United States Court of Appeals, Third Circuit
Dec 12, 1973
489 F.2d 512 (3d Cir. 1973)

Summary

holding that a mortgage made in violation of a statute that provided in pertinent part that "every contract made in violation of [the statute] or of any rule or regulation thereunder ... shall be void ..." 15 U.S.C. § 78cc(b)

Summary of this case from In re Topcroft, Inc.

Opinion

No. 73-1172.

Argued September 21, 1973.

Decided December 12, 1973. As Amended January 21, 1974.

Harry J. Gruener, David R. Brown, Litman, Litman, Harris Specter, P. A., Pittsburgh, Pa., for appellee.

Ralph H. German, Thomas E. Lippard, Houston, Cooper, Speer German, Pittsburgh, Pa., for appellant.

Appeal from the United States District Court for the Western District of Pennsylvania.

Before FORMAN, ALDISERT and GARTH, Circuit Judges.


OPINION OF THE COURT


Plaintiff-appellee Grove sought damages alleging violations of Federal Reserve margin requirements (Regulation U: 12 CFR § 221) promulgated pursuant to the Securities Exchange Act of 1934, 15 U.S.C.A § 78g. Jurisdiction is asserted under 15 U.S.C.A. § 78aa.

I.

In a non-jury proceeding, the trial court found that the defendant-appellant First National Bank of Herminie, (hereinafter "Bank") had violated Regulation U, and awarded damages in the amount of $67,367.49 to the plaintiff. In addition, the court dismissed defendant's counterclaims seeking recovery for loans made by the Bank to plaintiff, and for damages resulting from alleged misrepresentations by the plaintiff. Challenging both findings of fact and conclusions of law, the defendant appeals pursuant to 28 U.S.C.A. § 1291.
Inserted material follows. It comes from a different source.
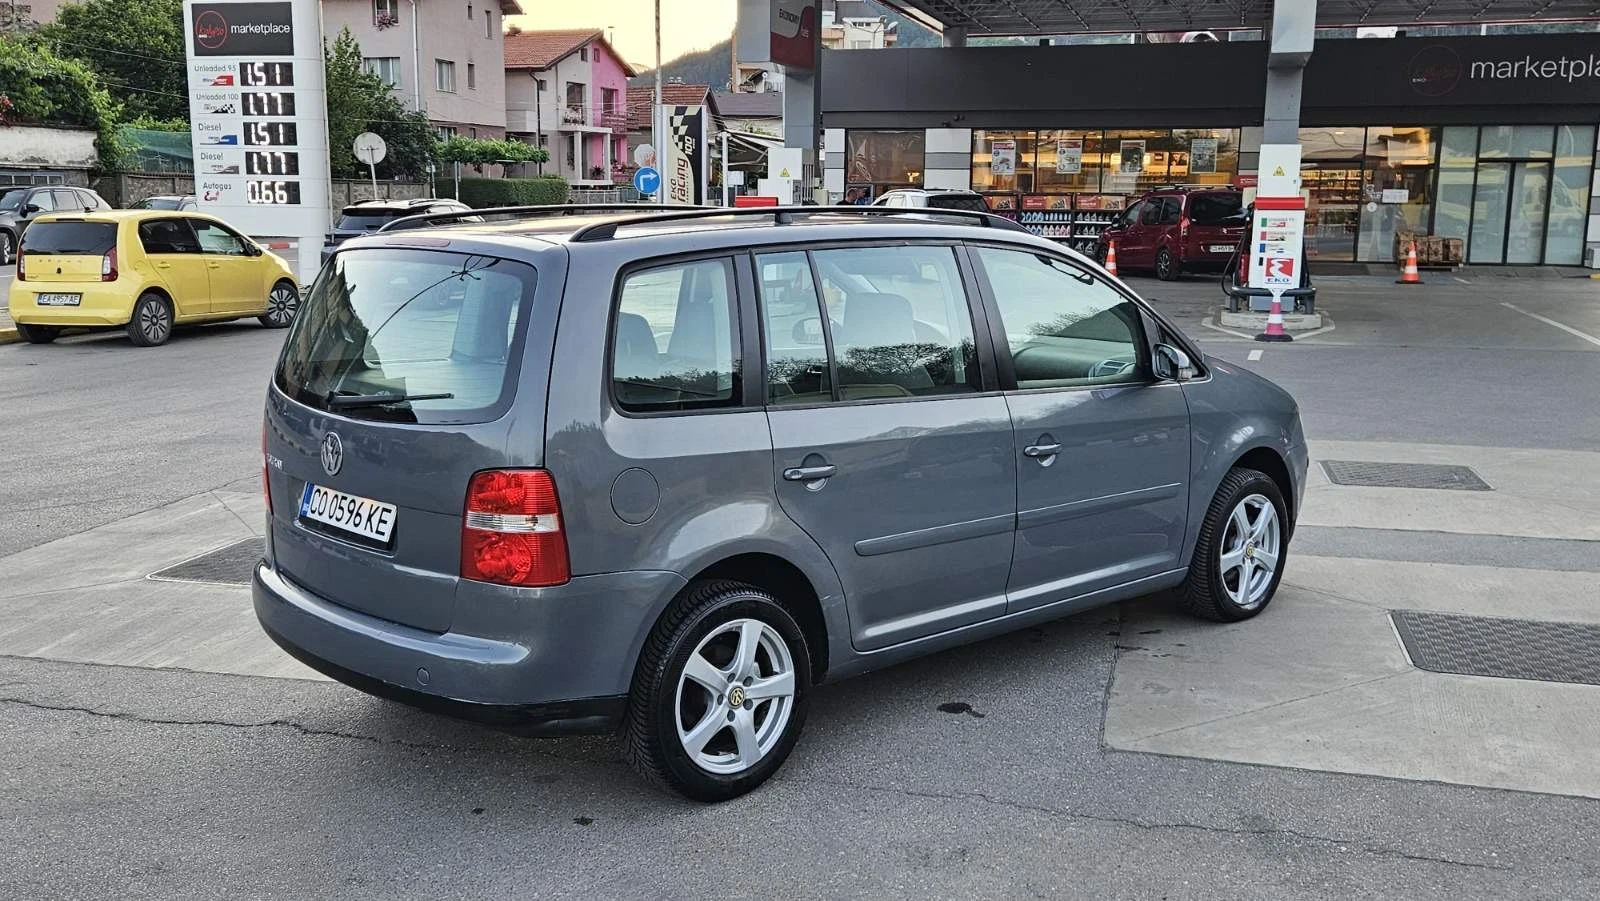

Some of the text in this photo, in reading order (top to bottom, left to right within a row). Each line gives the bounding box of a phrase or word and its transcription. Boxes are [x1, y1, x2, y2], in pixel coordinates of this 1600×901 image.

The trial court found the following facts recited in its opinion: Plaintiff, whose formal education was terminated after the 9th grade, was a used car repairman and salesman. His dealings with the Bank in obtaining loans commenced April 2, 1965, but the damages sought in this action relate only to five loans, as follows: October 23, 1967 $5,000; November 1, 1968 $99,300; December 2, 1969 $8,000; March 3, 1970 $7,000; September 8, 1970 $2,500.

The loan limitations established by Regulation U for the periods involved were:

November 1963 to June 7, 1968 — 30% of the value of the stock;

June 8, 1968 to May 5, 1970 — 20% of the value of the stock;

May 6, 1970 to December 3, 1971 — 35% of the value of the stock.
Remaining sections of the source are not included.